(Dataset entries)
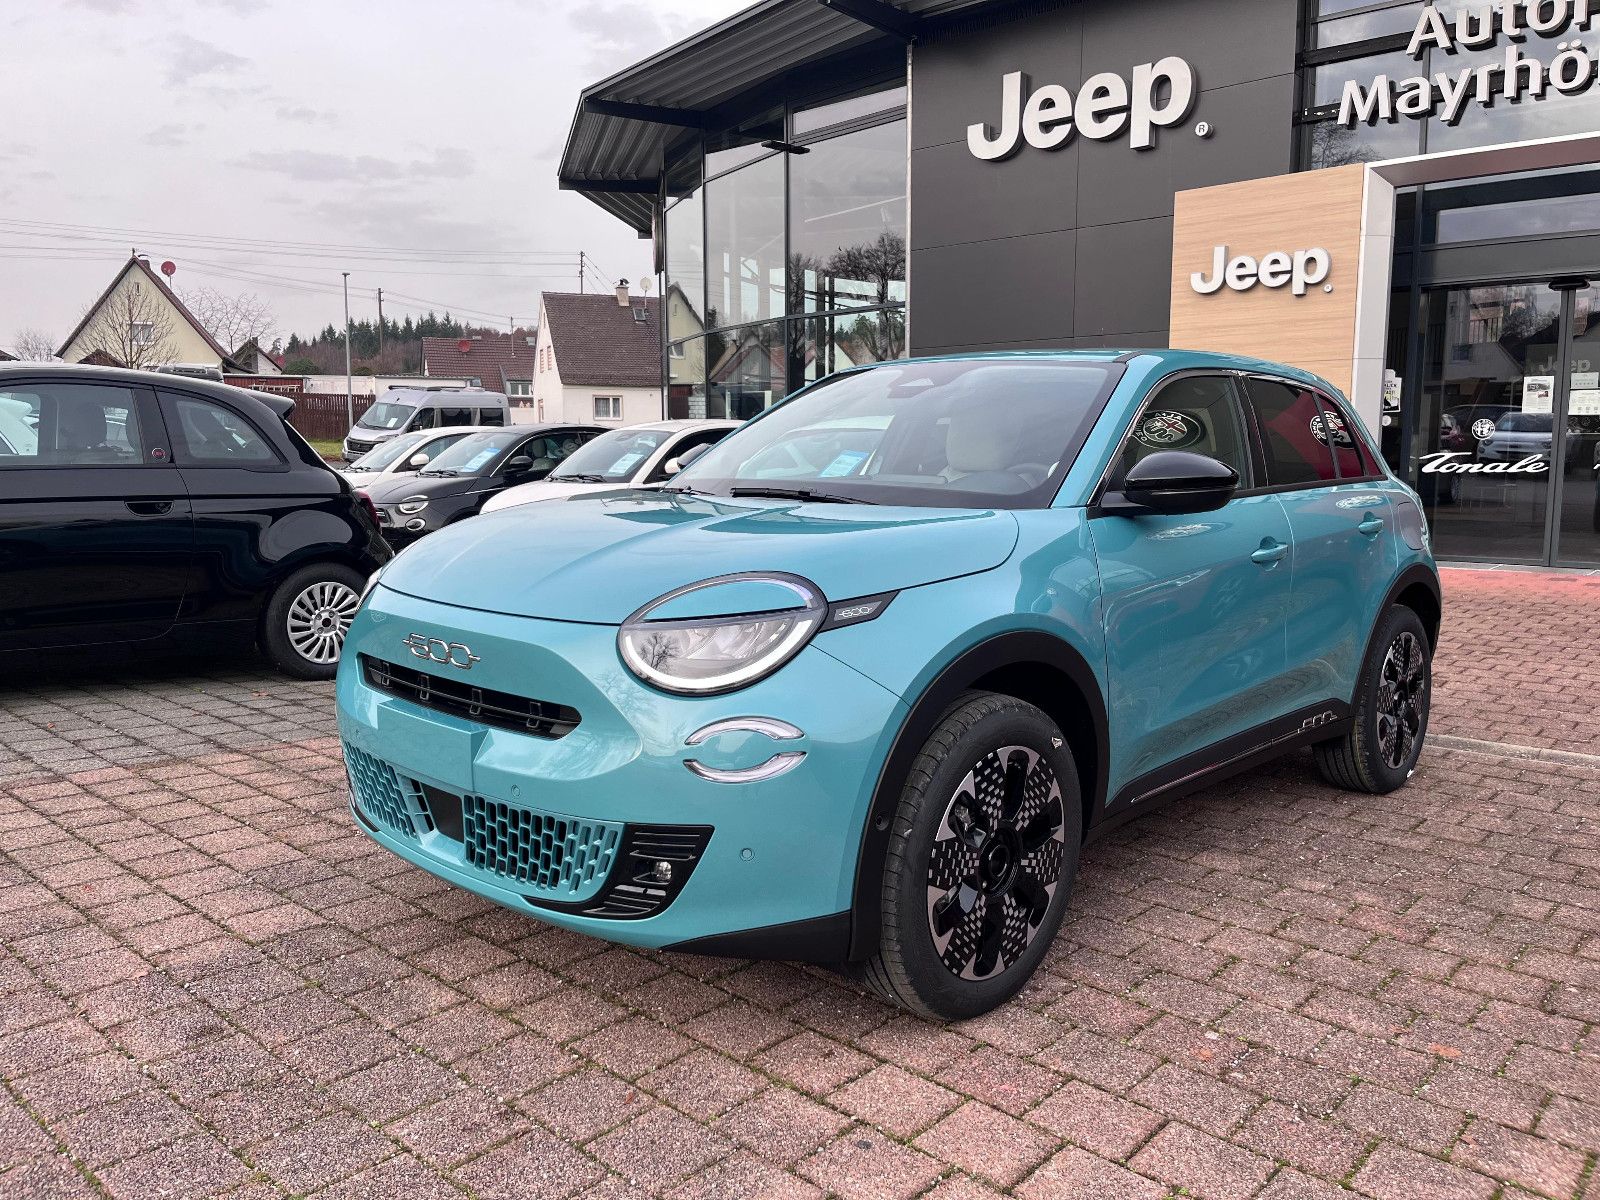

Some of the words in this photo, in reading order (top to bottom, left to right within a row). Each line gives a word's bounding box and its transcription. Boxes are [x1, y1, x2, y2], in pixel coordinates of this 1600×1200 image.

[1337, 39, 1600, 125] Mayrhö
[967, 56, 1195, 161] Jeep
[1190, 245, 1331, 296] Jeep
[1419, 452, 1549, 473] Tonale
[402, 632, 481, 670] 600
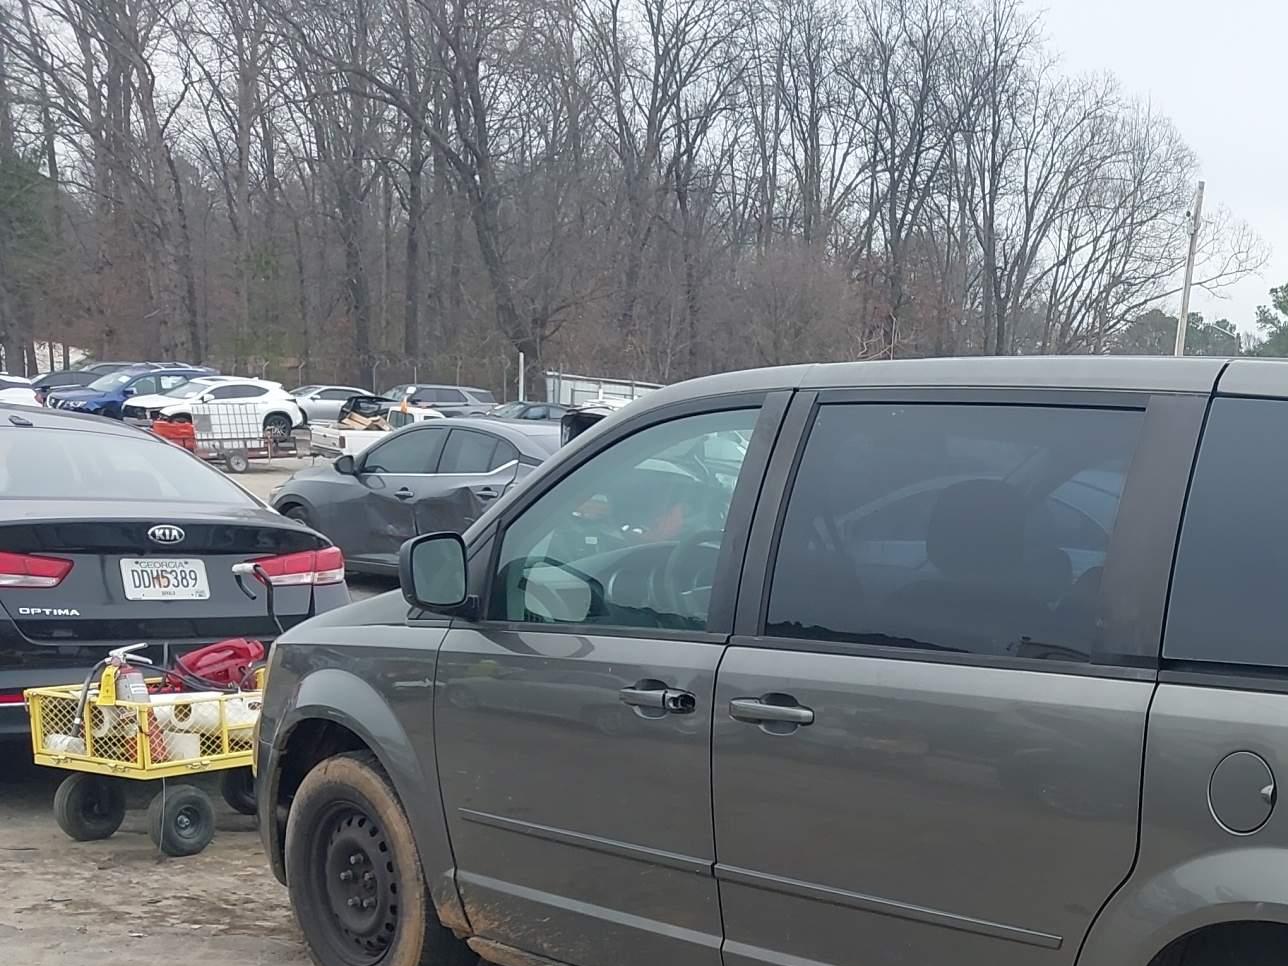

* _Activity_
Once the pictures are set aside, transcribe the remaining lines above exactly.

* _Reply to the exercise_
Some of the words in this photo, in reading order (top to bottom, left to right within a row). Each line gives a word's bounding box and its transcription. Boxes are [x1, y1, x2, y2], in pixel coordinates of this 1600×1200 image.

[1337, 39, 1600, 125] Mayrhö
[967, 56, 1195, 161] Jeep
[1190, 245, 1331, 296] Jeep
[1419, 452, 1549, 473] Tonale
[402, 632, 481, 670] 600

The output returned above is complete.